LPA toured the physical plant areas inside and outside to ensure there are no health and safety hazards and facility is in compliance with Title 22 Regulations. The facility has two large assisted living buildings. Building 1220 has 74 rooms. LPA toured 1220 building's main lobby, 3 resident rooms, dining room, theater, library, activities center, and all 4 stairwells. Building 1350 has 103 rooms. LPA toured 1350's main lobby, game room, library, wellness center, dining room, beauty shop and 4 resident rooms. The Garden House memory care has 3 buildings with 36 rooms total. LPA toured the inside and outside of The Garden House and 21 resident rooms.

Common areas: All furniture was observed to be in good condition. Carbon monoxide detectors were tested and operational at the time of the visit. LPA observed required postings throughout the common spaces. The fire extinguishers were charged and serviced on 6/14/2023.
Outdoor areas had umbrellas and other covered outdoor area equipped with furniture for resident use. Facility has a pool and spa with secure fencing. Washer and dryers were functioning and in operable condition.
Restrooms: Resident rooms had private restrooms which were clean and sanitary and in operating condition with non-skid mats/strips. All resident and public bathrooms were sufficiently stocked with soap and paper towels.

INFECTION CONTROL: The facility has an adequate supply of Personal Protection Equipment (PPE) and the facility is able to obtain additional supplies as needed.

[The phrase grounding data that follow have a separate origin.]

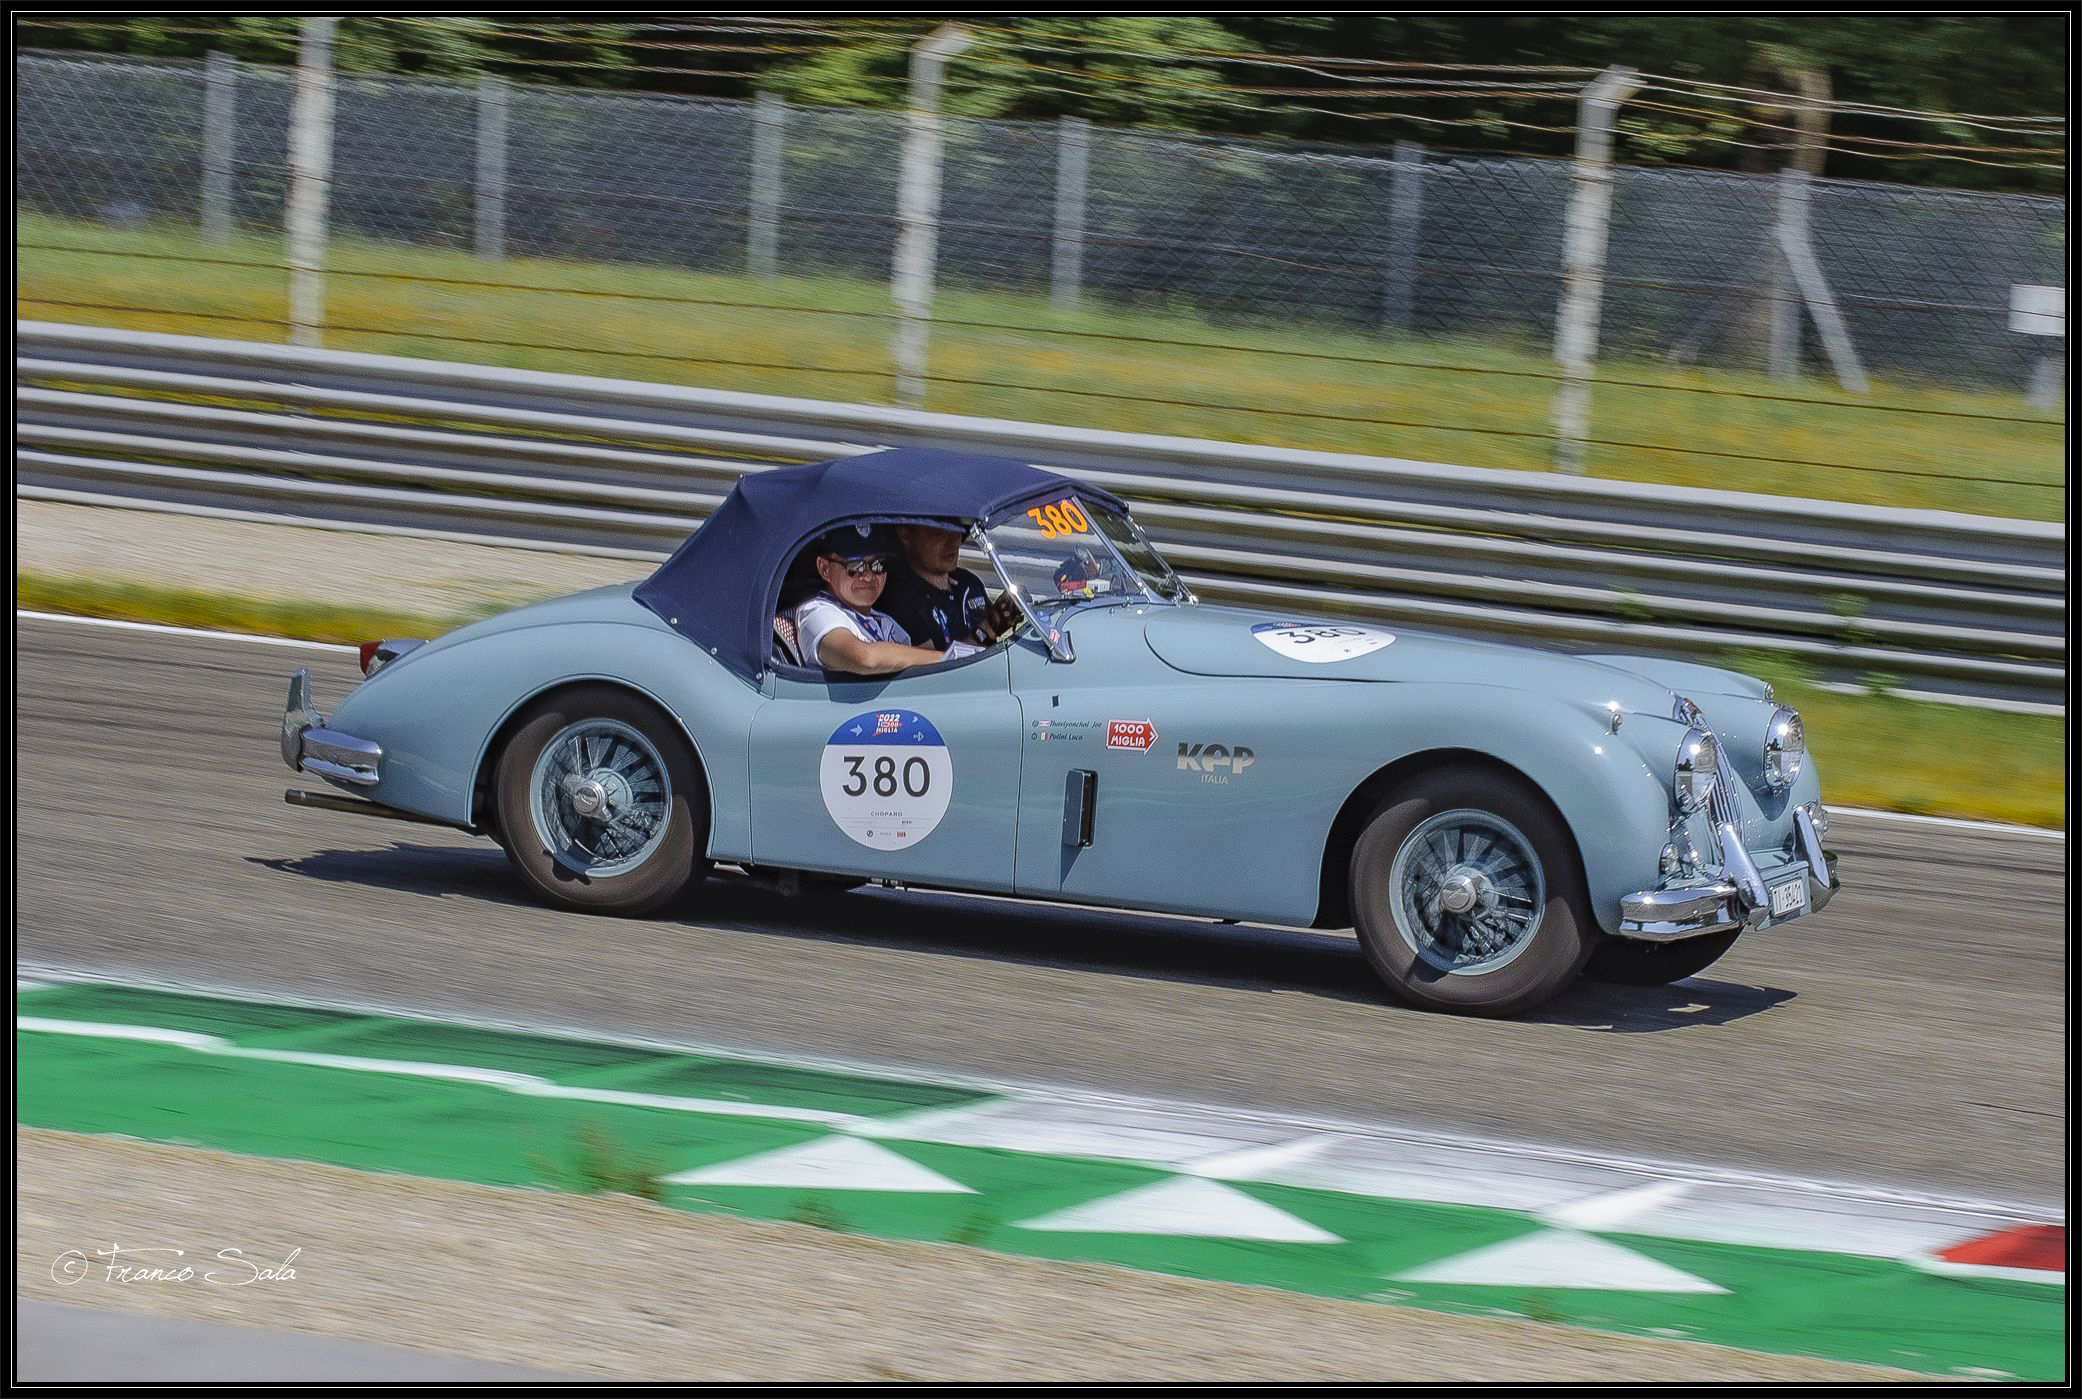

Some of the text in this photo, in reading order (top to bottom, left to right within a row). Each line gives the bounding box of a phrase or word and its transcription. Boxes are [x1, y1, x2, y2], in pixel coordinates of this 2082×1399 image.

[1027, 500, 1089, 540] 380
[1276, 628, 1366, 644] 380
[878, 713, 901, 722] 2022
[1113, 723, 1145, 735] 1000
[1110, 735, 1146, 748] MIGLIA
[842, 756, 931, 798] 380
[1200, 774, 1229, 785] ITALIA

The facility’s cleaning protocol is sufficient. The facility’s policies and procedures as it pertains to infection control are adequate.

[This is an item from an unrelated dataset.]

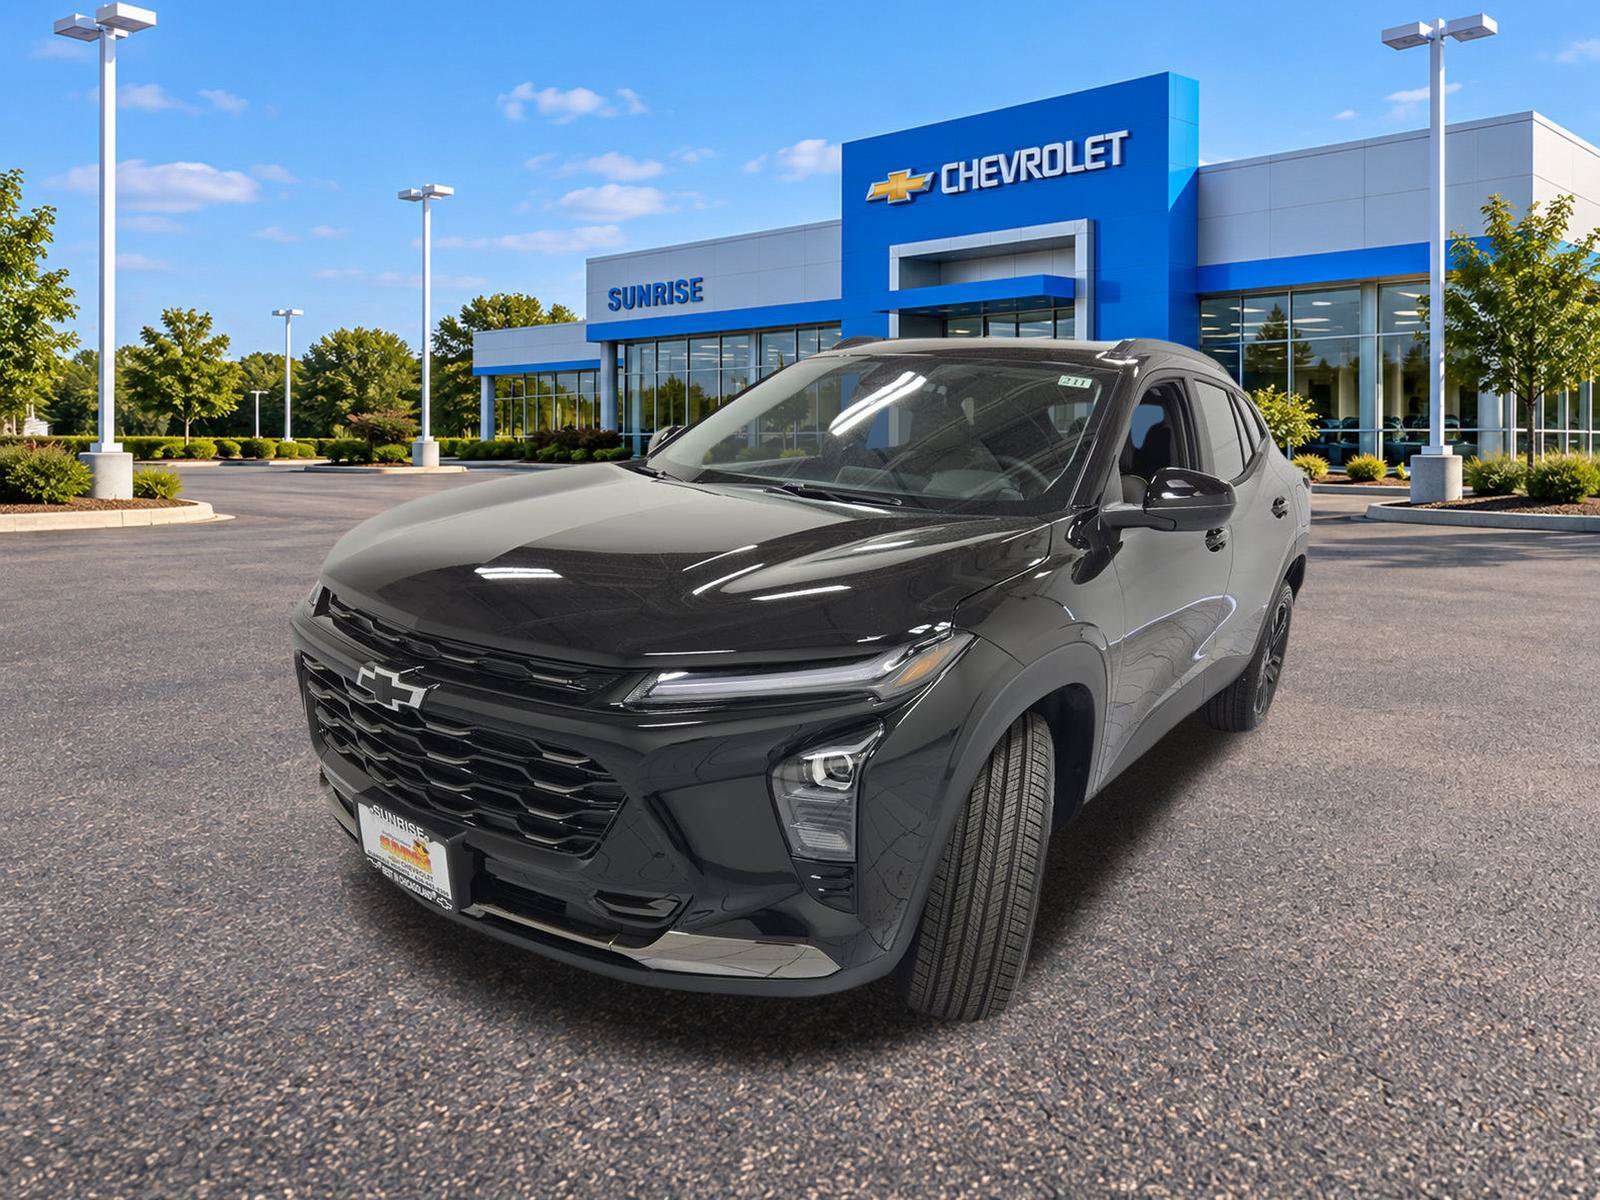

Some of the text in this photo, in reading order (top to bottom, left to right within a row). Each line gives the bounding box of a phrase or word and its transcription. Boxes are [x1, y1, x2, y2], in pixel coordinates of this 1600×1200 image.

[941, 130, 1129, 195] CHEVROLET
[607, 277, 704, 312] SUNRISE
[373, 804, 425, 838] SUNRISE

Exit interview conducted. A copy of the report was provided.
SUPERVISORS NAME: Kelly Burley
LICENSING EVALUATOR NAME: Jeannette Olson
LICENSING EVALUATOR SIGNATURE: DATE: 08/23/2023
I acknowledge receipt of this form and understand my licensing appeal rights as explained and received.
FACILITY REPRESENTATIVE SIGNATURE: DATE: 08/23/2023
This report must be available at Child Care and Group Home facilities for public review for 3 years.